About this exercise:
Your task is to copy the listing exactly. Drop any pictures from the copy.

Records to process:

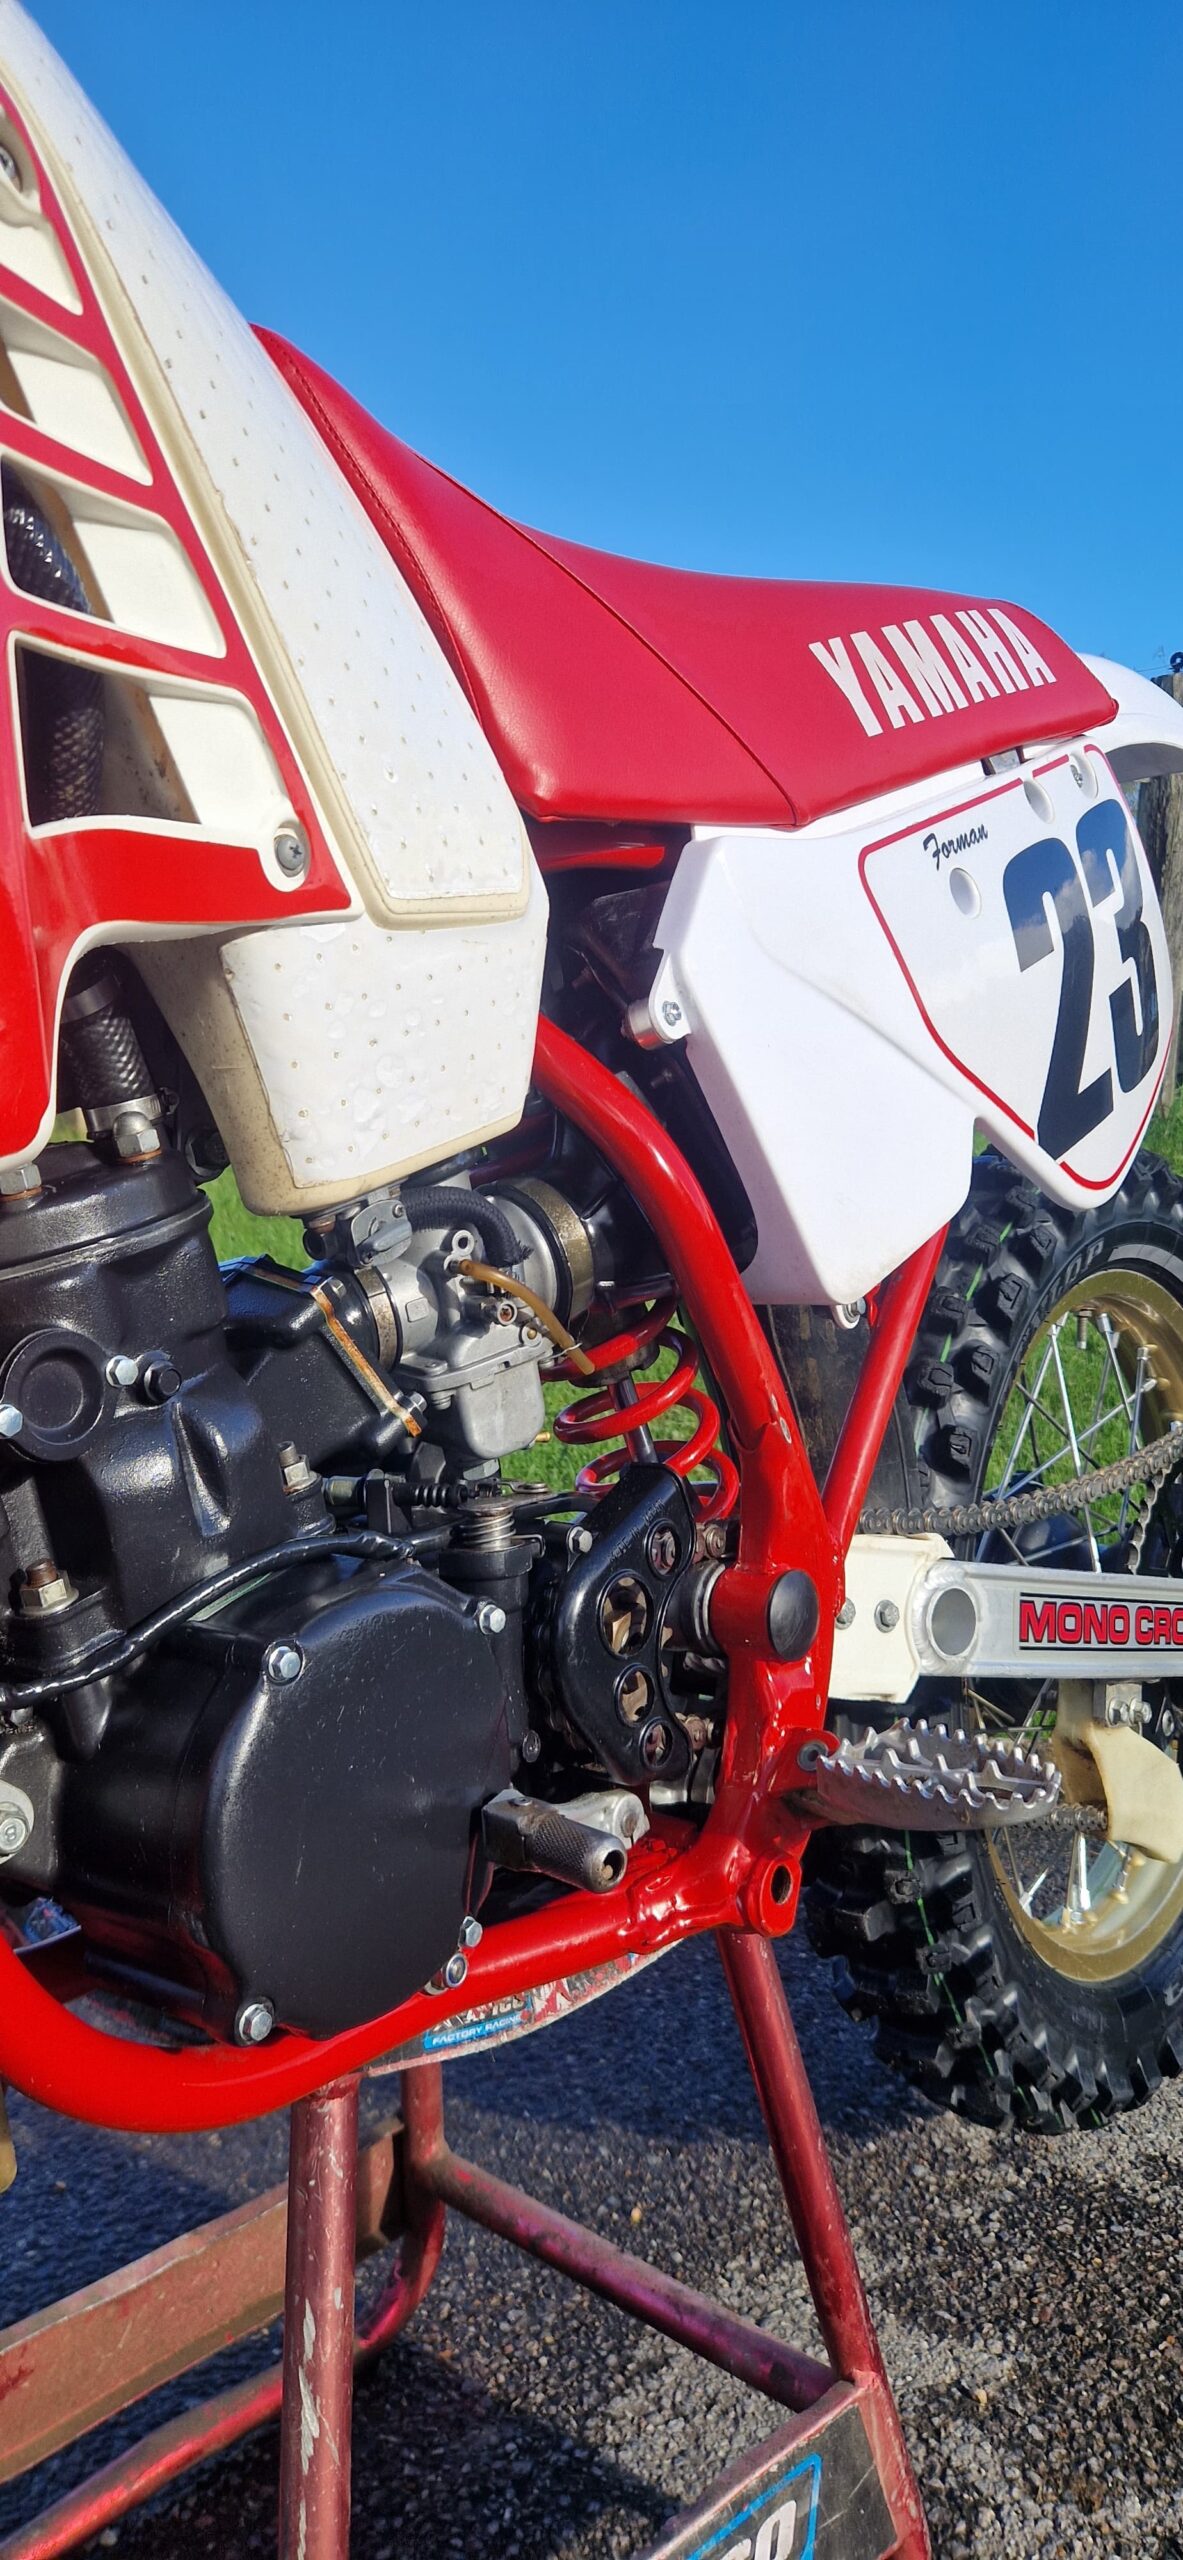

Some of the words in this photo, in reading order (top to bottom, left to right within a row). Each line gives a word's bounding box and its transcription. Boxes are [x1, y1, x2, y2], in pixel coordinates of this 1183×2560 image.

[808, 608, 1057, 737] YAMAHA
[923, 823, 989, 871] Forman
[1003, 798, 1159, 1161] 23
[1019, 1600, 1130, 1645] MONO
[431, 2021, 483, 2046] FACTORY
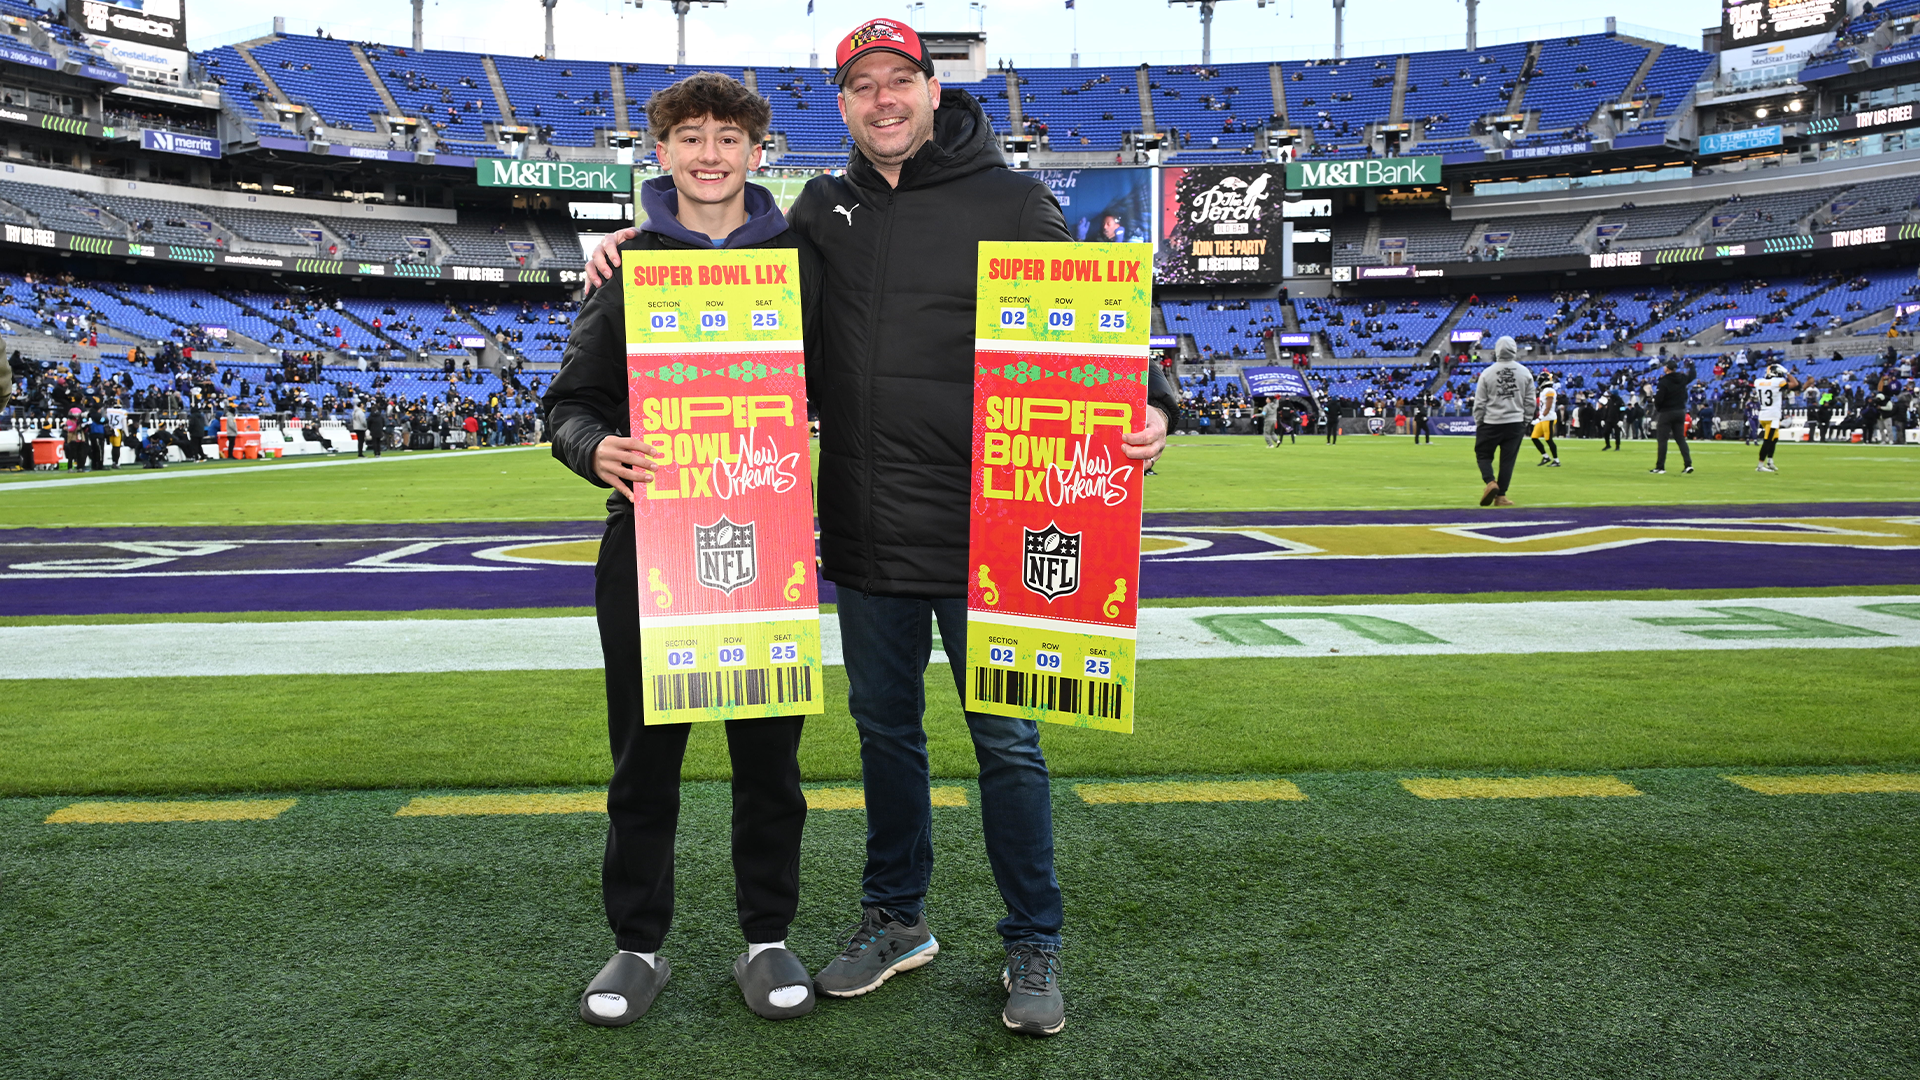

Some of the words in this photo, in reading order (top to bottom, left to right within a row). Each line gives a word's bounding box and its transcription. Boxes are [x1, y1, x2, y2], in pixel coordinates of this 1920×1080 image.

[10, 51, 48, 67] 2006-2014
[112, 47, 168, 64] Constellation
[1752, 54, 1783, 66] MedStar
[1880, 52, 1916, 65] MARSHAL
[1855, 111, 1874, 128] TRY
[1874, 108, 1888, 126] US
[1887, 104, 1912, 123] FREE!
[174, 137, 212, 151] merritt
[1720, 128, 1776, 142] STRATEGIC
[1720, 136, 1776, 151] FACTORY
[491, 160, 557, 188] M&T
[559, 163, 617, 190] Bank
[1301, 161, 1364, 187] M&T
[1366, 159, 1426, 184] Bank
[1191, 185, 1269, 223] Perch
[5, 224, 20, 242] TRY
[21, 227, 34, 246] US
[34, 229, 56, 248] FREE!
[1216, 225, 1231, 233] OLD
[1232, 225, 1246, 233] BAY
[1831, 231, 1850, 247] TRY
[1849, 229, 1862, 246] US
[1862, 226, 1886, 243] FREE!
[1191, 240, 1213, 256] JOIN
[1214, 240, 1233, 255] THE
[1234, 240, 1266, 255] PARTY
[1603, 253, 1617, 267] US
[1617, 251, 1641, 266] FREE!
[452, 266, 470, 281] TRY
[469, 267, 481, 281] US
[481, 268, 504, 282] FREE!
[634, 265, 693, 286] SUPER
[698, 264, 751, 286] BOWL
[755, 264, 788, 284] LIX
[989, 258, 1045, 280] SUPER
[1050, 259, 1102, 282] BOWL
[1107, 260, 1141, 283] LIX
[647, 301, 681, 309] SECTION
[999, 296, 1031, 304] SECTION
[651, 314, 677, 329] 02
[701, 313, 726, 327] 09
[753, 313, 778, 327] 25
[1001, 311, 1025, 326] 02
[1048, 312, 1074, 327] 09
[1100, 313, 1125, 329] 25
[1759, 389, 1773, 407] 13
[110, 414, 121, 426] 15
[643, 394, 795, 431] SUPER
[986, 395, 1133, 435] SUPER
[643, 432, 741, 467] BOWL
[733, 426, 779, 472] New
[983, 432, 1074, 471] BOWL
[1069, 433, 1112, 477] New
[645, 467, 713, 500] LIX
[713, 453, 800, 501] Orleans
[983, 468, 1046, 503] LIX
[1046, 465, 1134, 507] Orleans
[702, 549, 751, 585] NFL
[1029, 556, 1074, 592] NFL
[665, 639, 698, 648] SECTION
[723, 637, 743, 645] ROW
[773, 634, 792, 642] SEAT
[988, 636, 1018, 645] SECTION
[1041, 642, 1060, 651] ROW
[1089, 648, 1107, 656] SEAT
[668, 651, 694, 666] 02
[719, 648, 745, 662] 09
[771, 645, 796, 660] 25
[990, 648, 1014, 663] 02
[1037, 653, 1060, 668] 09
[1085, 659, 1110, 675] 25
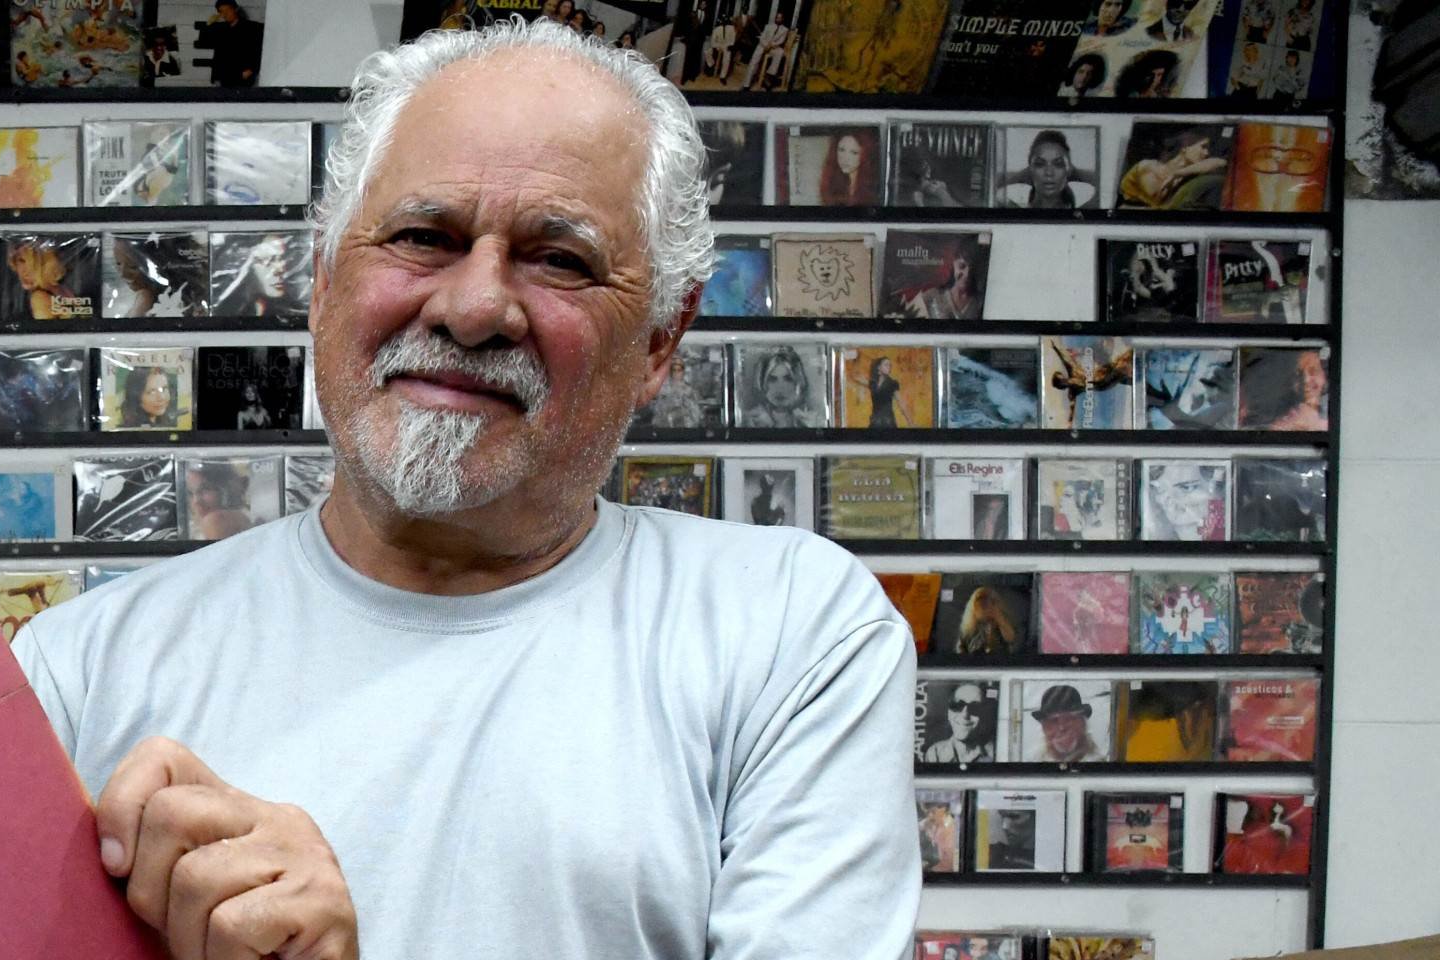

Worked solution:
Some of the words in this photo, in reading order (top to bottom, left to right within a row). Each line gives a word's bounding box and its transcription. Boxes are [x1, y1, x2, y2], in pixel coordinates of this 1183×2560 image.

[808, 608, 1057, 737] YAMAHA
[923, 823, 989, 871] Forman
[1003, 798, 1159, 1161] 23
[1019, 1600, 1130, 1645] MONO
[431, 2021, 483, 2046] FACTORY

Some of the words in this photo, in reading order (top to bottom, left to right within a row). Each line gives a word's bounding box and its transcription. Boxes are [x1, y1, x2, y2], in pixel coordinates of this 1920×1080 image.

[10, 51, 48, 67] 2006-2014
[112, 47, 168, 64] Constellation
[1752, 54, 1783, 66] MedStar
[1880, 52, 1916, 65] MARSHAL
[1855, 111, 1874, 128] TRY
[1874, 108, 1888, 126] US
[1887, 104, 1912, 123] FREE!
[174, 137, 212, 151] merritt
[1720, 128, 1776, 142] STRATEGIC
[1720, 136, 1776, 151] FACTORY
[491, 160, 557, 188] M&T
[559, 163, 617, 190] Bank
[1301, 161, 1364, 187] M&T
[1366, 159, 1426, 184] Bank
[1191, 185, 1269, 223] Perch
[5, 224, 20, 242] TRY
[21, 227, 34, 246] US
[34, 229, 56, 248] FREE!
[1216, 225, 1231, 233] OLD
[1232, 225, 1246, 233] BAY
[1831, 231, 1850, 247] TRY
[1849, 229, 1862, 246] US
[1862, 226, 1886, 243] FREE!
[1191, 240, 1213, 256] JOIN
[1214, 240, 1233, 255] THE
[1234, 240, 1266, 255] PARTY
[1603, 253, 1617, 267] US
[1617, 251, 1641, 266] FREE!
[452, 266, 470, 281] TRY
[469, 267, 481, 281] US
[481, 268, 504, 282] FREE!
[634, 265, 693, 286] SUPER
[698, 264, 751, 286] BOWL
[755, 264, 788, 284] LIX
[989, 258, 1045, 280] SUPER
[1050, 259, 1102, 282] BOWL
[1107, 260, 1141, 283] LIX
[647, 301, 681, 309] SECTION
[999, 296, 1031, 304] SECTION
[651, 314, 677, 329] 02
[701, 313, 726, 327] 09
[753, 313, 778, 327] 25
[1001, 311, 1025, 326] 02
[1048, 312, 1074, 327] 09
[1100, 313, 1125, 329] 25
[1759, 389, 1773, 407] 13
[110, 414, 121, 426] 15
[643, 394, 795, 431] SUPER
[986, 395, 1133, 435] SUPER
[643, 432, 741, 467] BOWL
[733, 426, 779, 472] New
[983, 432, 1074, 471] BOWL
[1069, 433, 1112, 477] New
[645, 467, 713, 500] LIX
[713, 453, 800, 501] Orleans
[983, 468, 1046, 503] LIX
[1046, 465, 1134, 507] Orleans
[702, 549, 751, 585] NFL
[1029, 556, 1074, 592] NFL
[665, 639, 698, 648] SECTION
[723, 637, 743, 645] ROW
[773, 634, 792, 642] SEAT
[988, 636, 1018, 645] SECTION
[1041, 642, 1060, 651] ROW
[1089, 648, 1107, 656] SEAT
[668, 651, 694, 666] 02
[719, 648, 745, 662] 09
[771, 645, 796, 660] 25
[990, 648, 1014, 663] 02
[1037, 653, 1060, 668] 09
[1085, 659, 1110, 675] 25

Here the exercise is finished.